LO SFRUTTAMENTO DELLE LAVORATRICI STRANIERE –  In un rapporto pubblicato da Amnesty International, le autorità del paese arabo sono state accusate di non proteggere le lavoratrici domestiche straniere da gravi forme di sfruttamento, tra cui il lavoro forzato e la violenza fisica e sessuale.

In Qatar si trovano almeno 84.000 lavoratrici domestiche migranti, la maggior parte delle quali proveniente dall’Asia meridionale e sud-orientale. In alcuni casi, lavorano fino a 100 ore alla settimana, senza giorno libero.

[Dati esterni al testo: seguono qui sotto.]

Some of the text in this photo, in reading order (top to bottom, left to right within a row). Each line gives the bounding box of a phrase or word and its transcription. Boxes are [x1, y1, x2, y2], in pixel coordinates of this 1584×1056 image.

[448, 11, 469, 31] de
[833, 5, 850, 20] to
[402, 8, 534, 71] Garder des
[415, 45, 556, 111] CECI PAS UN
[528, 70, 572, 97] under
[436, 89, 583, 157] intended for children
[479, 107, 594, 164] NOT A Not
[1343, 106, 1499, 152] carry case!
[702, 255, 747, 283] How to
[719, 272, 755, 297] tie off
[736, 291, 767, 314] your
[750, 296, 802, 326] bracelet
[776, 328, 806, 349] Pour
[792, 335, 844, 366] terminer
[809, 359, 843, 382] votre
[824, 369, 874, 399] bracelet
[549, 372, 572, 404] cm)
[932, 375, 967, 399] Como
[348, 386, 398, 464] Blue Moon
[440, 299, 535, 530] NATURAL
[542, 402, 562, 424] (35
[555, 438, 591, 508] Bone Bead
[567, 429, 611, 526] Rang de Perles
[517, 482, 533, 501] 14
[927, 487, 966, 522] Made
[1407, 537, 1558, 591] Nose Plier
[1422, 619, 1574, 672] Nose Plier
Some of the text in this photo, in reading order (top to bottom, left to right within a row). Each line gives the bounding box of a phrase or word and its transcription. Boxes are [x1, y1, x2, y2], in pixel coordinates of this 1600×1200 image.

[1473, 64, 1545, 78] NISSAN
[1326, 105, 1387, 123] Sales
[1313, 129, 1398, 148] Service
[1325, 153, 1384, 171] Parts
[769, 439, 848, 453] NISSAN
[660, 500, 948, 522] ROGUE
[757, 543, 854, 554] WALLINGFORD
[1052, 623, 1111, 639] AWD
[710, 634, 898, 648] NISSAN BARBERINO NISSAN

Le leggi del paese non prevedono limiti di orario per il lavoro domestico né il giorno libero. Non è possibile neanche presentare denunce al ministero del Lavoro.

Il rapporto, intitolato “‘La mia pausa è quando dormo’. Lo sfruttamento delle lavoratrici domestiche in Qatar”, presenta un fosco scenario di donne assunte con false promesse circa il salario e le condizioni di lavoro, costrette a seguire orari di lavoro massacranti, sette giorni alla settimana e, in alcuni casi, sottoposte a estrema violenza fisica e sessuale. Le lavoratrici domestiche migranti sono vittime di un sistema discriminatorio che nega loro le protezioni basilari e le rende vulnerabili allo sfruttamento, al lavoro forzato e al traffico di esseri umani.